MDMA’s war on the war on the drugs—and that of psychedelic medicine writ large—is unique not only because the drugs seem to be winning but because the drugs are winning on their own terms. Moving MDMA from Schedule I (containing drugs with a perceived “high potential for abuse”) to Schedule III (“a moderate to low potential for physical and psychological dependence”) would see it filed alongside Tylenol with codeine. And when’s the last time you heard of someone getting pinched for holding a baggie of Tylenol with codeine? Recreational users will no longer be punished to the fullest extent of the law for popping their pill of choice and twisting their melon to “Voodoo Ray.”

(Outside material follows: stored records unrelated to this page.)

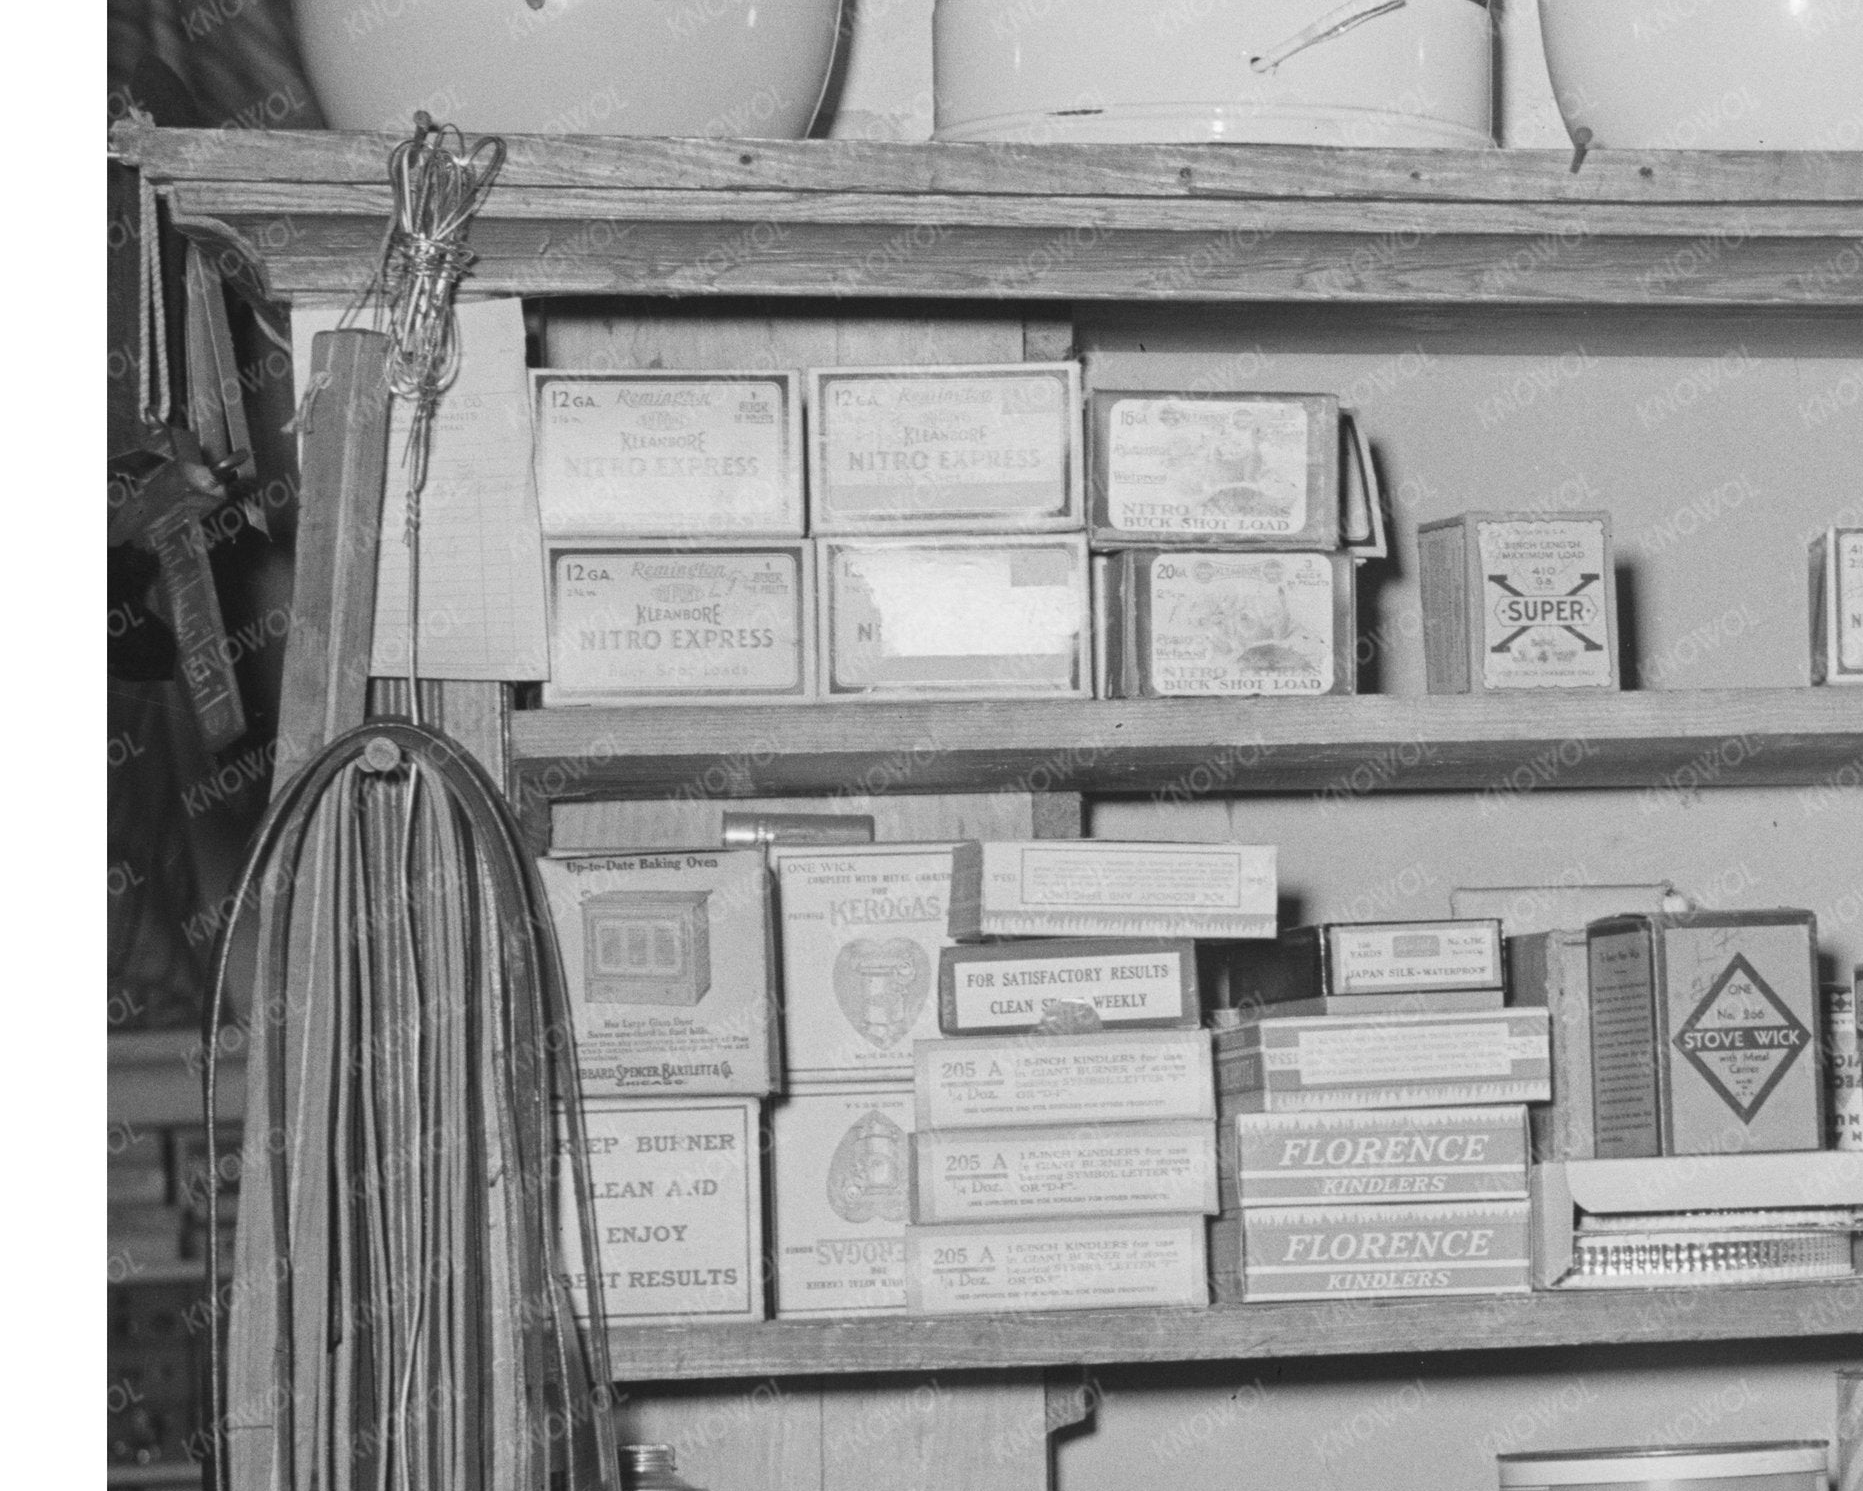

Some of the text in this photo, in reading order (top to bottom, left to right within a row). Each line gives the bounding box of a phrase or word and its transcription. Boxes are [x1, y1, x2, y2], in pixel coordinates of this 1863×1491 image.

[1123, 517, 1290, 531] BUCK SHOT LOAD
[636, 603, 721, 625] KLEANBORE
[1508, 600, 1584, 621] SUPER
[580, 629, 774, 650] NITRO EXPRESS
[1164, 678, 1321, 691] BUCK SHOT LOAD
[566, 857, 718, 876] Up-to-Date Baking Oven
[966, 964, 1168, 988] FOR SATISFACTORY RESULTS
[990, 994, 1148, 1014] CLEAN WEEKLY
[1683, 1029, 1801, 1050] STOVE WICK
[1278, 1136, 1490, 1168] FLORENCE
[1321, 1175, 1446, 1196] KINDLERS
[606, 1224, 688, 1244] ENJOY
[1284, 1229, 1495, 1263] FLORENCE
[628, 1269, 738, 1288] RESULTS
[1326, 1269, 1451, 1290] KINDLERS

Ex-Marines like Juliana Mercer and Ryan Roberts are thus proving the tip of the spear on another front. The wonderful indications in the treatment of PTSD in military veterans have also undermined the reigning rhetoric of the war on drugs, calling attention to its most galling hypocrisies. They’ve stirred deeper conversations about the efficacy, and absurdity, of a nation whose geopolitical ambitions are enforced through a grinding forever war. However uneasy, there seems to be a détente—even a synthesis, in chemical terms—between the far-out countercultural fantasies of Esalen graduates and the more hard-nosed veterans teeming in VA hospitals. A seasoned hippie sharing a proverbial handshake with Dan Crenshaw may well give many counterculturists the creeps, but the rewards are, fingers crossed, worthwhile.

Psychedelic and empathogenic compounds are prized for their ability to foster what is sometimes called “self-transcendence,” or a “quantum shift” in the understanding of the self. For Roberts, the drugs’ effect is even simpler, if no less profound. MDMA worked wonders in helping him recover a better version of himself: the eighteen-year-old kid folding soft pretzels at the mall, before being targeted, recruited, and trained into an unfeeling automaton. “Not everybody has had the opportunity to heal in the way that I have,” he says. As for any worry that the MDMA could lead him to reignite his state-sponsored sociopathy, he is steadfast in his refusal. “Participating in the military-industrial complex? No. Absolutely not.”